Abstract

Alternative splicing is a process that removes introns and alters exons to generate multiple isoforms from a single pre-mRNA transcript. Alternative splicing is the major mechanism by which a small number of human genes (6 × 104) can encode the larger complexity of the human proteome (1 × 106 proteins). Previously we demonstrated that alternative splicing of apoptosis-regulatory protein transcripts regulates immune responses by modulating lymphocyte survival (Immunity, 1997; Mol. Immunol. 2002; J Exp Med, 2002; Oncogene 2005; Biochem J, 2005). To examine the hypothesis that alternative splicing plays a role in selection of nonmutated self-protein isoforms for tumor antigens and autoantigens, recently, we showed that alternative splicing is a major mechanism in regulation of the immunogenicity of tumor antigen CML66 (J. Immunol. 2004). In addition, we found that alternative splicing occurs in 100% of the autoantigen transcripts. This is significantly higher than the approximately 42% rate of alternative splicing observed in the 10,000 randomly selected human gene transcripts (p<0.001) [J. Allergy Clin. Immunol., 2004 (cover article)]. Here, we report that essential alternative splicing factor ASF/SF2 expression in samples from patients with chronic inflammation is lower than that of the healthy controls (p<0.05).
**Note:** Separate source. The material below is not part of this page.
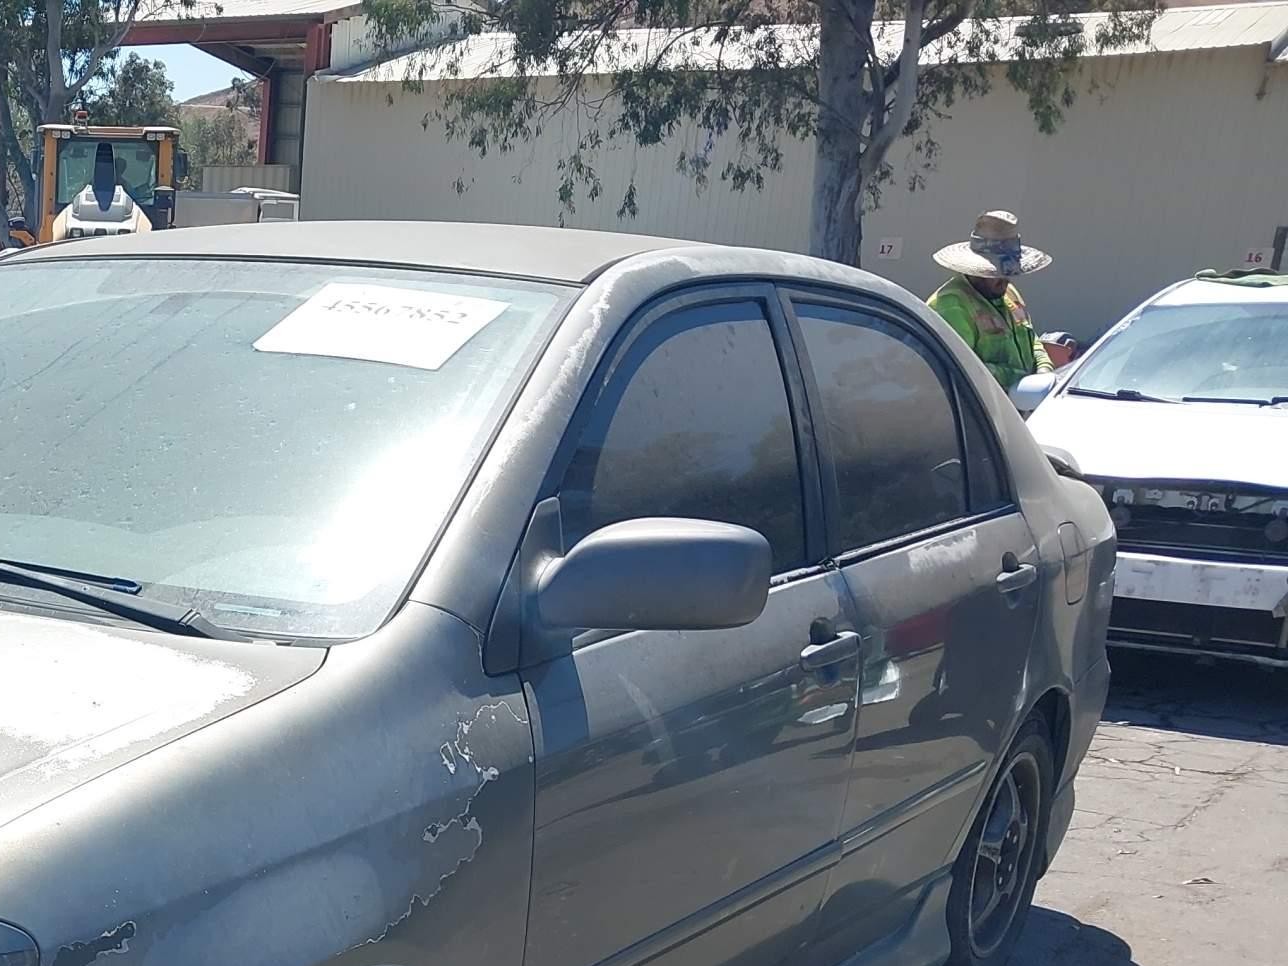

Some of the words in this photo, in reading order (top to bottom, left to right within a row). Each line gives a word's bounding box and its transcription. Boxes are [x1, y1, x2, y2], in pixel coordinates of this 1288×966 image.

In addition, TNF-a significantly downregulates ASF/SF2 expression (7 folds) in cultured cells in comparison to the expression variations of b-actin control. These findings demonstrate that ASF/SF2, presumably affecting splicing of self-antigen transcripts, is downregulated in autoimmune inflammatory disease potentially via a TNF-a-mediated pathway. Collectively, we propose for the first time a novel model of “stimulation-responsive splicing”, which emphasizes that stimulation-responsive splicing plays a critical role in selection of nonmutated self-protein isoforms to become tumor antigens and autoantigens (Clin. Immunol. Invited Review, in press, 2006). The new model for the definition of immunogenic isoforms of tumor antigens and autoantigens is significant in facilitating the development of:

  1. immunogenic antigen isoform microarrays for disease diagnosis and prognosis;

  2. autoantigen-tolerizing therapy and splicing-redirection therapy for autoimmune diseases; and

  3. immunogenic antigen isoforms-based immunotherapy for tumors.

Disclosure: No relevant conflicts of interest to declare.